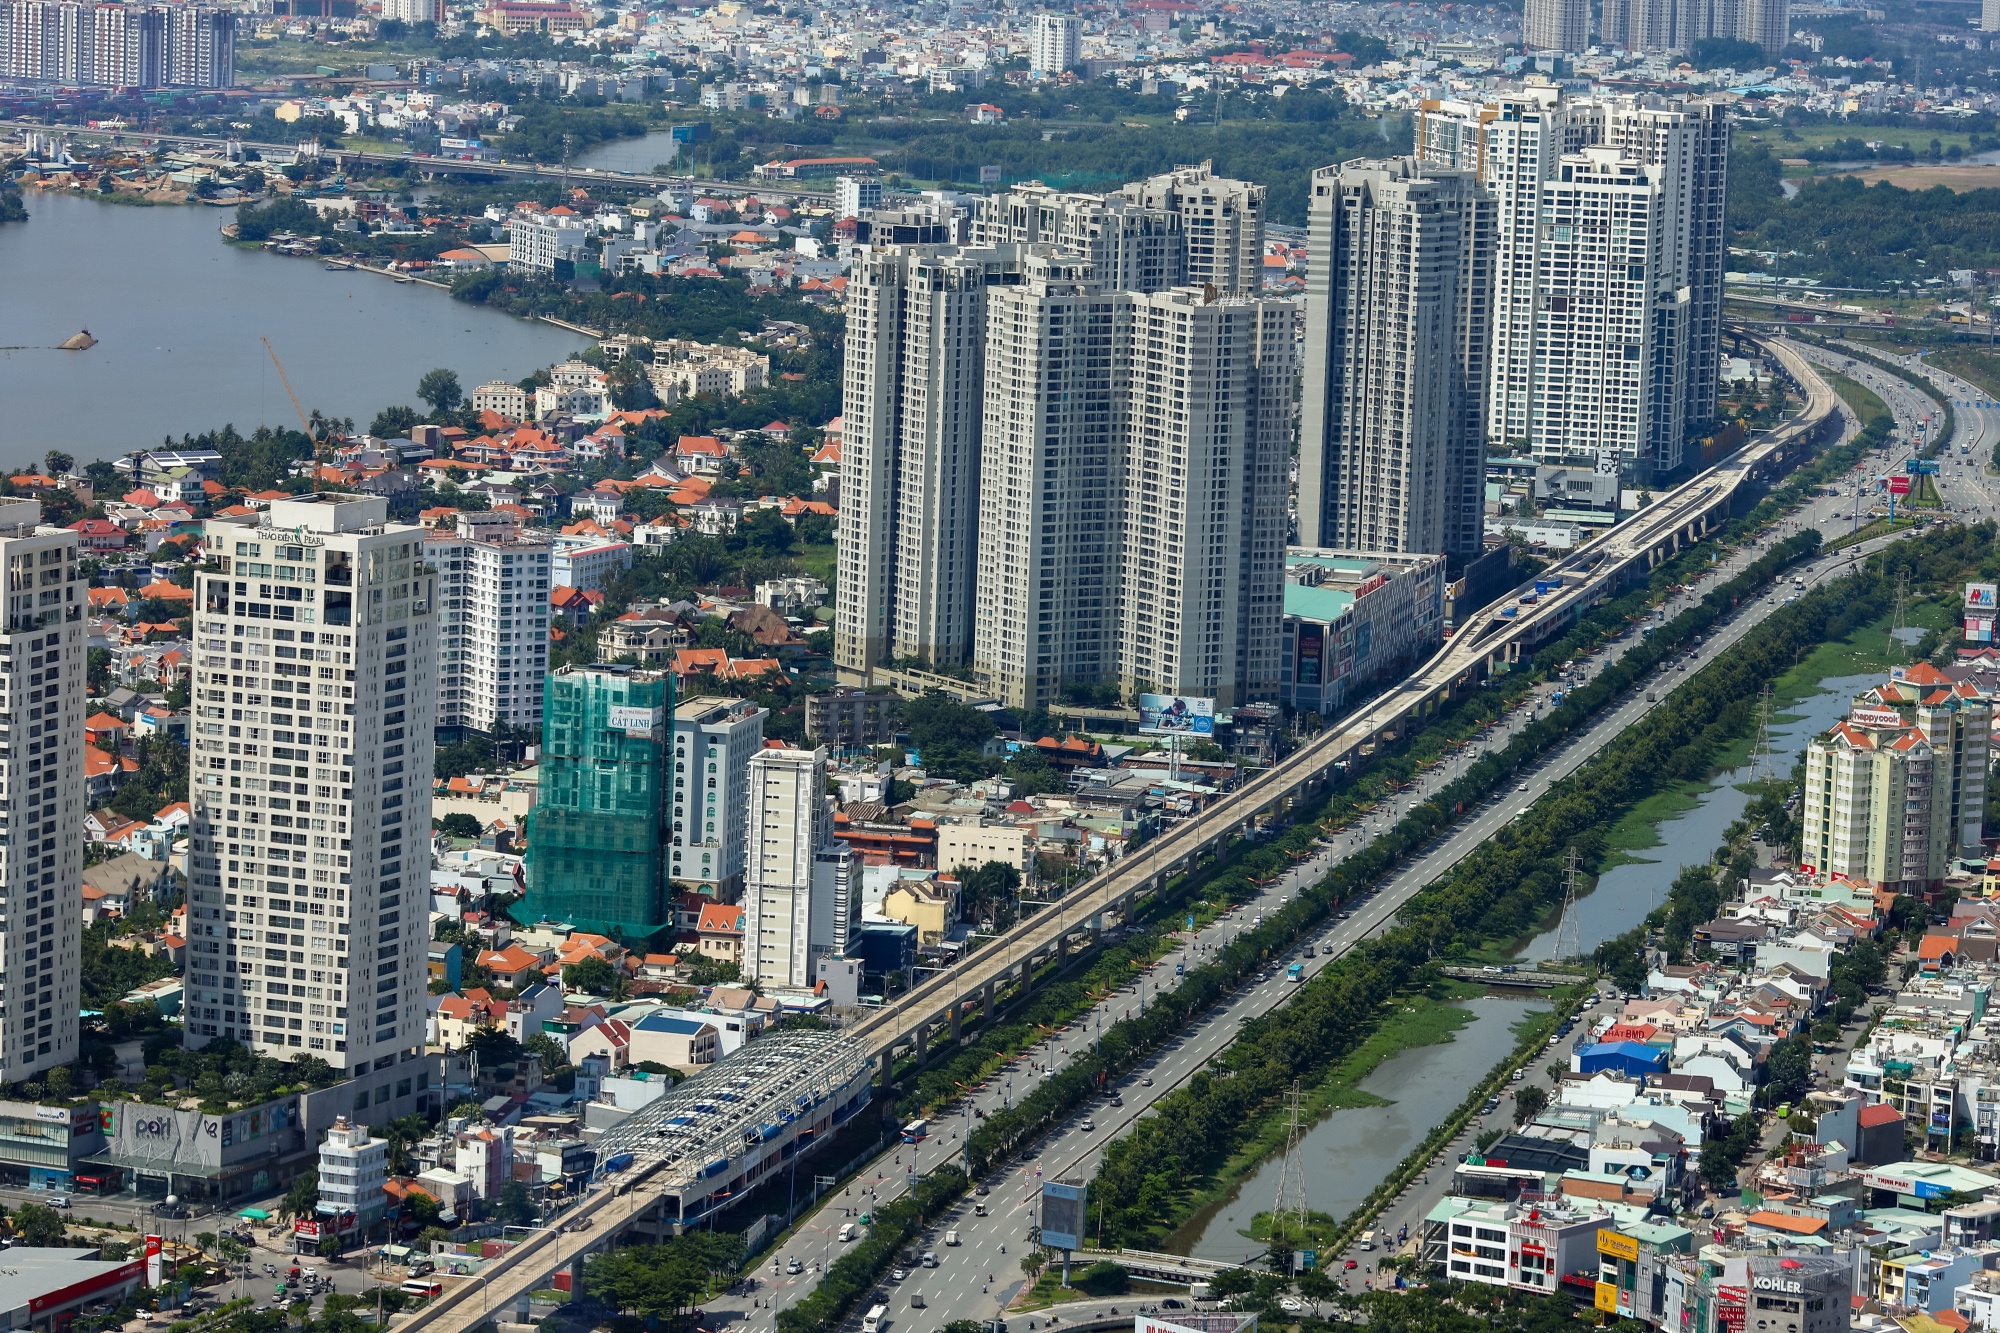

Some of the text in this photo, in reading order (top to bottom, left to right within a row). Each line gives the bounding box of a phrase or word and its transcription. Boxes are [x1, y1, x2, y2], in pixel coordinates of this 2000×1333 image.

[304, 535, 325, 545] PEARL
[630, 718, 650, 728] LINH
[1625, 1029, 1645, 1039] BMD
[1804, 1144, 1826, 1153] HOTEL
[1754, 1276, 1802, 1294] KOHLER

────

■ **TASK REQUIREMENTS**
After removing the pictures, restate the whole listing above word for word.

■ **PROBLEM SOLUTION**
Some of the text in this photo, in reading order (top to bottom, left to right within a row). Each line gives the bounding box of a phrase or word and its transcription. Boxes are [x1, y1, x2, y2], in pixel coordinates of this 2000×1333 image.

[304, 535, 325, 545] PEARL
[630, 718, 650, 728] LINH
[1625, 1029, 1645, 1039] BMD
[1804, 1144, 1826, 1153] HOTEL
[1754, 1276, 1802, 1294] KOHLER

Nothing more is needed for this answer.